Makes you feel better for a couple of reasons. First of all, it tires the chimp out a little bit, so all that stuff that’s going on in your head, if you can get it out that’s really helpful. Secondly, if you’re exercising your chimp with somebody that you trust and who cares about you, chances are they’ll be able to help with some solutions for whatever the situation is that’s causing that upset for you. Thirdly, sometimes just the process of saying some of the stuff that’s in our heads out loud enables us to kind of go: “That’s not very helpful, is it?” And come up with a solution for ourselves.
So as an example, classic Christmas one, “mother-in-law is criticising, she’s going make Christmas a misery.” What would exercising your chimp look like in this situation? It would be perhaps phoning a friend, having a moan about everything you dislike about your mother-in-law, and how miserable it’s going to be, and just getting that off your chest. We feel better for that. So that’s exercising your chimp.
Secondly, boxing your chimp. When the chimp’s been exercised, you’ve usually got a better chance of bringing in some rational human being behaviour and thought processes at that point. What would that look like or sound like in terms of our example? Saying to yourself something different, so often it’s about the messaging that we’re giving ourselves in our own head. So, we might, for instance, employ some more logical thinking, which is: “She’s only going be here for one day. I can put up with anything for one day. I’m a grown-up and I don’t need to be affected by what she says and does.” So that’s bringing your human being into play to talk your chimp down.

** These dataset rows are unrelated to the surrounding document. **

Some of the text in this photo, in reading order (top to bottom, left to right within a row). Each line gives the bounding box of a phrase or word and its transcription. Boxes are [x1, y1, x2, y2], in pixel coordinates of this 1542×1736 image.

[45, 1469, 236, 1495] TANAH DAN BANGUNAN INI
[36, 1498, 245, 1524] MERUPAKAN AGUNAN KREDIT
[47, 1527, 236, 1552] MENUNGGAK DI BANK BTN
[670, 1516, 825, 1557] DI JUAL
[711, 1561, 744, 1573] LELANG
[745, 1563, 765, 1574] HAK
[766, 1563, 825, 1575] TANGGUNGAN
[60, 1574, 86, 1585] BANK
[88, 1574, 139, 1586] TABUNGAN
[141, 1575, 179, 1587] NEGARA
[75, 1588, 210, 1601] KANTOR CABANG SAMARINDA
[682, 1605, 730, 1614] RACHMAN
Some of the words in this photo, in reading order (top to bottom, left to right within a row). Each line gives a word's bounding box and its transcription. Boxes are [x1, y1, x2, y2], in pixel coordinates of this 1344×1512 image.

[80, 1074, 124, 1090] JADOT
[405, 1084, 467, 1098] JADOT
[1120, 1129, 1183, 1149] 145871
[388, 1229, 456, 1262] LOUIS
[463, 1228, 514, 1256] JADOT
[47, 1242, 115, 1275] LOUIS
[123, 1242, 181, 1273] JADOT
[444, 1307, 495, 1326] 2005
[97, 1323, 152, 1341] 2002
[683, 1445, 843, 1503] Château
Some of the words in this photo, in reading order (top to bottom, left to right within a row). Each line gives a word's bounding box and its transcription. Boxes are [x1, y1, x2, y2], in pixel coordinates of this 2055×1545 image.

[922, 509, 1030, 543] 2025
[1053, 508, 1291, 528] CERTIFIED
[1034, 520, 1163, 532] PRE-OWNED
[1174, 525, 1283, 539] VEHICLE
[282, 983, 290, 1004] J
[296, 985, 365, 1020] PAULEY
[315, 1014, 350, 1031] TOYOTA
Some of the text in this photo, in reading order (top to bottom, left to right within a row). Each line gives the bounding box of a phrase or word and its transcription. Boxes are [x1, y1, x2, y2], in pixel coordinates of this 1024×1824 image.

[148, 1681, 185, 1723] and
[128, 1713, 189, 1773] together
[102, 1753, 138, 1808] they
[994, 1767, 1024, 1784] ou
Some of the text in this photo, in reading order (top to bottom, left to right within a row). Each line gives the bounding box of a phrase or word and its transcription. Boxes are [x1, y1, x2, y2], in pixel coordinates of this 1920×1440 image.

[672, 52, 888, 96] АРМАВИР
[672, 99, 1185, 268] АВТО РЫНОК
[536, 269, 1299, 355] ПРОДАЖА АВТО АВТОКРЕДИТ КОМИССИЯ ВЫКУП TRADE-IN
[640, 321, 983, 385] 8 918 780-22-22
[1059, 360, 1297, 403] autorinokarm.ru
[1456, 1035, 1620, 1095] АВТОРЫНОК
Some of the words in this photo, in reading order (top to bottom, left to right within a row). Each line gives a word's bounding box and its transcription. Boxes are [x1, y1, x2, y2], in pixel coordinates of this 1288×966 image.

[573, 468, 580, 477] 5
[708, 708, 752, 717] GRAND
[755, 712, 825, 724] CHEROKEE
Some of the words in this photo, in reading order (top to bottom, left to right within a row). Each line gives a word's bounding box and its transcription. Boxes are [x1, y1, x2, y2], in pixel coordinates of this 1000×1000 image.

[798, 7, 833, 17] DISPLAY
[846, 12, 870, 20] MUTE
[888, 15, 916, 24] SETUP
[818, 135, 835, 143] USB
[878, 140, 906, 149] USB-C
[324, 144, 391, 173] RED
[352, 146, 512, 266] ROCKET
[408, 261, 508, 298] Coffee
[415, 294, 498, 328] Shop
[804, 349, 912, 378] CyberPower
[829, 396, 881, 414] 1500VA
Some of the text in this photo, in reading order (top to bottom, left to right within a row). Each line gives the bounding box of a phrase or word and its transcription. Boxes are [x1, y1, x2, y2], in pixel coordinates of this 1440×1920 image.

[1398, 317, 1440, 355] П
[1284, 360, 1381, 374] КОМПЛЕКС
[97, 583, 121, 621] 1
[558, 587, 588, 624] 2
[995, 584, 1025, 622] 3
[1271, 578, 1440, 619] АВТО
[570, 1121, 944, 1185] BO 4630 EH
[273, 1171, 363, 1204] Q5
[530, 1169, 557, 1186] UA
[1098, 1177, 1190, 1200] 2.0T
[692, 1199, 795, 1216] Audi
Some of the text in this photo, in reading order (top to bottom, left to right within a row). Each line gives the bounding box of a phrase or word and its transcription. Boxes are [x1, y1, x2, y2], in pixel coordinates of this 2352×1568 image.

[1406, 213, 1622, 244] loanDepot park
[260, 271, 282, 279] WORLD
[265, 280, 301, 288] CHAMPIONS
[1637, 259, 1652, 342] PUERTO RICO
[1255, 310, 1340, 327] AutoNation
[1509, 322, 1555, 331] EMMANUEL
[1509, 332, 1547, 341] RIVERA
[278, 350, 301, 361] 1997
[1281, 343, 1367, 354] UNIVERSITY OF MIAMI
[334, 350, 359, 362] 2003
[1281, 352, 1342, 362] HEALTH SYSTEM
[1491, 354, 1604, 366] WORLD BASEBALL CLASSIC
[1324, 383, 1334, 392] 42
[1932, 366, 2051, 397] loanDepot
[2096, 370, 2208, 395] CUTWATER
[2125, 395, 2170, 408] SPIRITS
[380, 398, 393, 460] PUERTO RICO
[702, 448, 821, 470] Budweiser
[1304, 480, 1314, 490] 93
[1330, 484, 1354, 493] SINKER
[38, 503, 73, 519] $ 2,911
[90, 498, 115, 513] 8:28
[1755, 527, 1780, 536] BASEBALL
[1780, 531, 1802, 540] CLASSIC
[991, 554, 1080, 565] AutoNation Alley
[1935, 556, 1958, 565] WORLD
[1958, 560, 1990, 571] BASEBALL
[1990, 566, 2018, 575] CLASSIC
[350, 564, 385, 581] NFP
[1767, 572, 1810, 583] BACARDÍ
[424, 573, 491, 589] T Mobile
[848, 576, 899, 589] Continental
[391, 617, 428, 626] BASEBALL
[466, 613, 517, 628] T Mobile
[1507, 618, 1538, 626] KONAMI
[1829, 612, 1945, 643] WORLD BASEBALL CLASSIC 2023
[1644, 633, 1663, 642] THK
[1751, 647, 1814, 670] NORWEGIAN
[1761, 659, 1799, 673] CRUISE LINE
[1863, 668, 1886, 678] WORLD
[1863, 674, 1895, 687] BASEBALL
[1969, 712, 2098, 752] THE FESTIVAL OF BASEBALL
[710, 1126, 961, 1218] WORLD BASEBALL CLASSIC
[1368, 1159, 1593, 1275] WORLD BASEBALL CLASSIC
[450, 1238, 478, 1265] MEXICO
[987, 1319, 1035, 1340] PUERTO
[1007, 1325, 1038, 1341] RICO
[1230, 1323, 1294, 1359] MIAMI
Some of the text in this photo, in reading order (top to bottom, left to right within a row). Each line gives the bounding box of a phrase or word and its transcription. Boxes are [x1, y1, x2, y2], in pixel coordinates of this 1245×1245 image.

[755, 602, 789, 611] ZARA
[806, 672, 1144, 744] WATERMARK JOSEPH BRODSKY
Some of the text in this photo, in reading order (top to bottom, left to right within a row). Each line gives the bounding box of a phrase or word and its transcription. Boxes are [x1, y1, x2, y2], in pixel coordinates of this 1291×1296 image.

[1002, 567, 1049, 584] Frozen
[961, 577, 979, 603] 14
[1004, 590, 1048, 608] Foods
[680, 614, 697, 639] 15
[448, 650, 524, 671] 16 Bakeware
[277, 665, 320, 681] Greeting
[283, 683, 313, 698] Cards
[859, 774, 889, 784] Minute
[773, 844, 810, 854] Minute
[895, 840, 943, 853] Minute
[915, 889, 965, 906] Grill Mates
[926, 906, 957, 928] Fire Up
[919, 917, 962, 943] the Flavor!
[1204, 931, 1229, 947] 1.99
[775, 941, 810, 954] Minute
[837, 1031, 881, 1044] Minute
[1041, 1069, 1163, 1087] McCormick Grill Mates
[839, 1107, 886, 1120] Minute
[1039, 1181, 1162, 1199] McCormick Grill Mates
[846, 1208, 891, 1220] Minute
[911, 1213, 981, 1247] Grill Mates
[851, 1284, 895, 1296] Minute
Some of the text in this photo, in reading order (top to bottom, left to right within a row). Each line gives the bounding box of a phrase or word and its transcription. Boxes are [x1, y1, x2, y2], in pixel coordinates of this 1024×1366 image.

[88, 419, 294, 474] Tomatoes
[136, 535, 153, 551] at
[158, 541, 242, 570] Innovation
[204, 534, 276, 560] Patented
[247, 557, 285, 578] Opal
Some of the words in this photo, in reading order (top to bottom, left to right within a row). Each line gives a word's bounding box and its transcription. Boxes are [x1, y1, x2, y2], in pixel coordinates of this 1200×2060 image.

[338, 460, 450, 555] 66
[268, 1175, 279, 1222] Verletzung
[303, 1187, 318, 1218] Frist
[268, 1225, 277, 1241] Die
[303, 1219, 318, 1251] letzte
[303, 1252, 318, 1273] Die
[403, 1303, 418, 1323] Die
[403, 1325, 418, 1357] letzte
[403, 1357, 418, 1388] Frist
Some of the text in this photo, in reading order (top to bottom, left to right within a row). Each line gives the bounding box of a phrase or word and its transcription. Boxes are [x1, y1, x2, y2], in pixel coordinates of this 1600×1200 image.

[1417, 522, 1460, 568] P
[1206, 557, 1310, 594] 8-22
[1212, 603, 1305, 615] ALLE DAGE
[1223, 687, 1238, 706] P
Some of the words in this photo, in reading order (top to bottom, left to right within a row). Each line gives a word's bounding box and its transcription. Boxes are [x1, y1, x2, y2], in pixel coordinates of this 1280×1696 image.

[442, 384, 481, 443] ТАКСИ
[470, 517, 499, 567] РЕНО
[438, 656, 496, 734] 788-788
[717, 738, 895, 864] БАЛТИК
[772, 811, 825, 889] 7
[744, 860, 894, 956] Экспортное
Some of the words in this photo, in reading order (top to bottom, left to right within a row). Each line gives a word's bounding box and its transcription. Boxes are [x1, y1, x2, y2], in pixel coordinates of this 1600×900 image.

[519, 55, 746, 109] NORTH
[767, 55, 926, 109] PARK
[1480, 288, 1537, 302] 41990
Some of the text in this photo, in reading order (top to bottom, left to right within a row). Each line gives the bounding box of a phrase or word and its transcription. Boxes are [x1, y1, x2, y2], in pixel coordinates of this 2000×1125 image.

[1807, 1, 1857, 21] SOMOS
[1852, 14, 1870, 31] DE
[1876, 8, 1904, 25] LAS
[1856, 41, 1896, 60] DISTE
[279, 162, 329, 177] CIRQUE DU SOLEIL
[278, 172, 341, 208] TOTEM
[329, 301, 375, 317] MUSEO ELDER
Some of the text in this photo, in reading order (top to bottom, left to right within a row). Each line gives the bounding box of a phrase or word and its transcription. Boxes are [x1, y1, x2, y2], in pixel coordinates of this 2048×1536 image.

Then, last one, the banana of distraction or reward. This is not a long-term solution, but it can help in a short term as a bit of a temporary measure. Rather than wallowing in the misery of your mother-in-law’s impending visit, you might choose to decorate the tree, or take the kids out, or go and do something different instead of just focusing on that thing. That would be distraction. Reward tends to be around praise, recognition, sometimes it’s around a glass of wine. I am not recommending the glass of wine, or too many, on Christmas day with the mother-in-law situation, because, of course, too much wine allows the chimp back out to play again, doesn’t it? So, we just need to watch out for that.
Slightly different example here: “I hate Christmas shopping, I don’t want to do it.” That’s your chimp coming out: “Don’t want to do it. Don’t want to go out. Hate it.” How do we reward the chimp? So you say, “Right, I’ve got eight people to buy for. I’m going go out, and when I’ve bought four presents for people, then I’m going stop for a cup of coffee,” or “I’m going stop for a glass of wine,” or a cold beer, whatever it might be.
Anytime you notice your brain telling you something that’s not very helpful, or your behaviour being something that’s not very helpful, chances are, it’s your chimp at play in some way, shape, or form.
Recognising that, then employing some methods can be really helpful for us. So exercise, box, banana, this is your mantra for Christmas. Any situation that’s slightly stressful, you are going to employ this and get yourself through all of that stuff. That, my friends, is my Christmas wish for you, and my Christmas gift to you. I hope you have a lovely chimp-free Christmas. Thank you.